Sinead Campbell from Flat Living Insurance explains the legal implications of inaccurate reinstatement cost assessments for Residents Management Companies.
Rather than basing coverage on the current market value of a property, a reinstatement cost assessment gives insurers accurate costings for the demolition, clearance and complete rebuild of a property.
This figure (known as the “declared value” or “sum insured” dependent on your policy wording) determines the level of cover needed, helping to avoid under and over-insurance. This is crucial for owners, Residents’ Management Companies (RMC’s) and leaseholders to help avoid unnecessary costs.
However, if an assessment is inaccurate or becomes outdated, the consequences can be significant. This article will explore the potential legal and financial implications that can arise if a property is damaged beyond repair.
What is a Reinstatement Cost Assessment?
A reinstatement cost assessment is a professional valuation of how much it would cost to rebuild a property from scratch. This includes things you may not immediately think of, such as site clearance, demolition and professional fees. Along with materials, labour and suitable housing for leaseholders in the interim, costs add up fast.
Insurers work on the basis of an accurate, up to date reinstatement cost assessment to make sure the buildings insurance policy is up to the task. If costs are overestimated, leaseholders can pay too much via their premiums, with no additional benefit. If costs are underestimated, the financial risks to the person responsible can be devastating.

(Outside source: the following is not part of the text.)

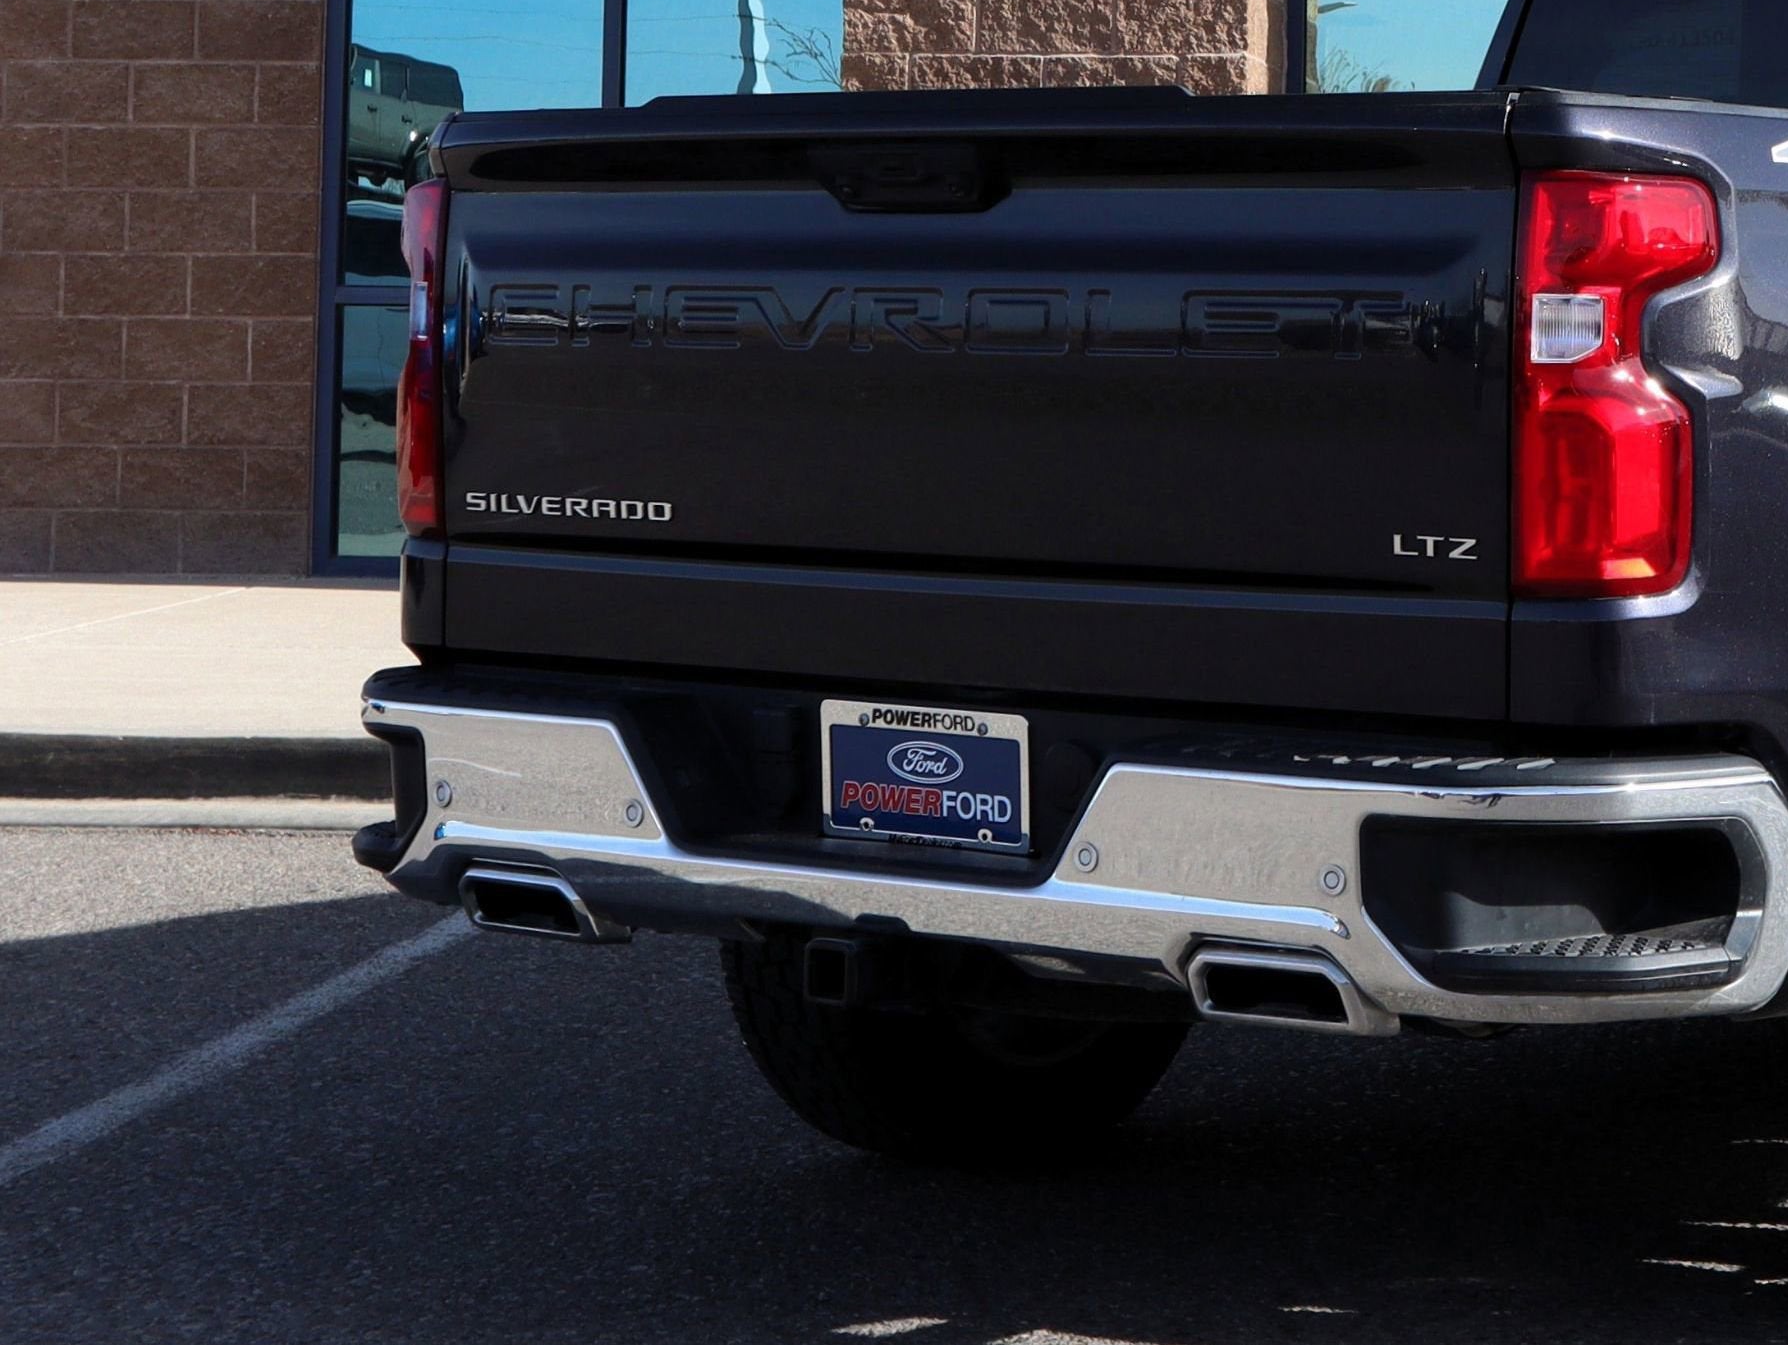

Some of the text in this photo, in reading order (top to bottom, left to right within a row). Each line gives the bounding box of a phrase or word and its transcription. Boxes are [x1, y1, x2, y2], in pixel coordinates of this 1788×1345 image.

Legal Consequences for Underinsurance
In most cases, underinsurance will result in severe out of pocket expenses for property owners. This can be financially devastating and have long-term consequences for individuals.
In cases of severe underinsurance, property owners could also face legal action. Firstly, from mortgage lenders- many mortgage agreements require adequate insurance cover as a condition. If the reinstatement cost assessment is incorrect and the insurance is insufficient, lenders may take legal steps to recover their losses.
Resident Management Company Directors can also face legal issues if they fail in their fiduciary duty to ensure adequate insurance for the property. Directors can be held personally liable for the shortfall in the insurance pay out as well as being taken to court for their negligence.
Property managers often oversee the insurance arrangements for the buildings they manage. If they fail to arrange for an up-to-date reinstatement cost assessment, or if they rely on outdated figures, they could face legal action from the property owners or RMC Directors. This can have a ripple effect, damaging their reputation and leading to loss of clients and a potential expensive professional indemnity insurance claim.
Insurance Against Costs
RMC Directors and Officers can take out a unique insurance to protect themselves against any inadvertent:
- Negligent acts, errors or omissions
- Misstatement or misleading statements
- Breach of duty
- Breach of authority
Our policy starts from just £95.00 and can give RMC volunteers the peace of mind they need to go about their work effectively and confidently. We also offer Legal Expense cover which offers protection including:
- Bodily injury
- Contract disputes
- Debt recovery
- Employment disputes and compensation awards
- Property protection
- Service occupancy
- Statutory licence protection
- Tax protection
Avoiding the Risks
To avoid legal and financial pitfalls, it’s essential to keep reinstatement cost assessments accurate and up-to-date. Best practice includes:
- Regular Reviews
Reinstatement cost assessments should be reviewed and updated regularly – ideally every three (or sooner, if there have been significant changes to the property or market conditions)
- Using Qualified Surveyors:
Only qualified RICS registered professionals should carry out these assessments. They have the expertise to consider all relevant factors, including building regulations, local construction costs, and any unique features of the property.
- Clear Communication
Property managers and RMC directors should communicate clearly with surveyors to ensure all relevant information is provided and considered in the assessment.
- Adequate Insurance Cover
Once the assessment is complete, the property’s insurance cover should be adjusted to reflect the updated reinstatement cost. Regular reviews of the insurance policy are also advisable to ensure it continues to meet the needs of the property.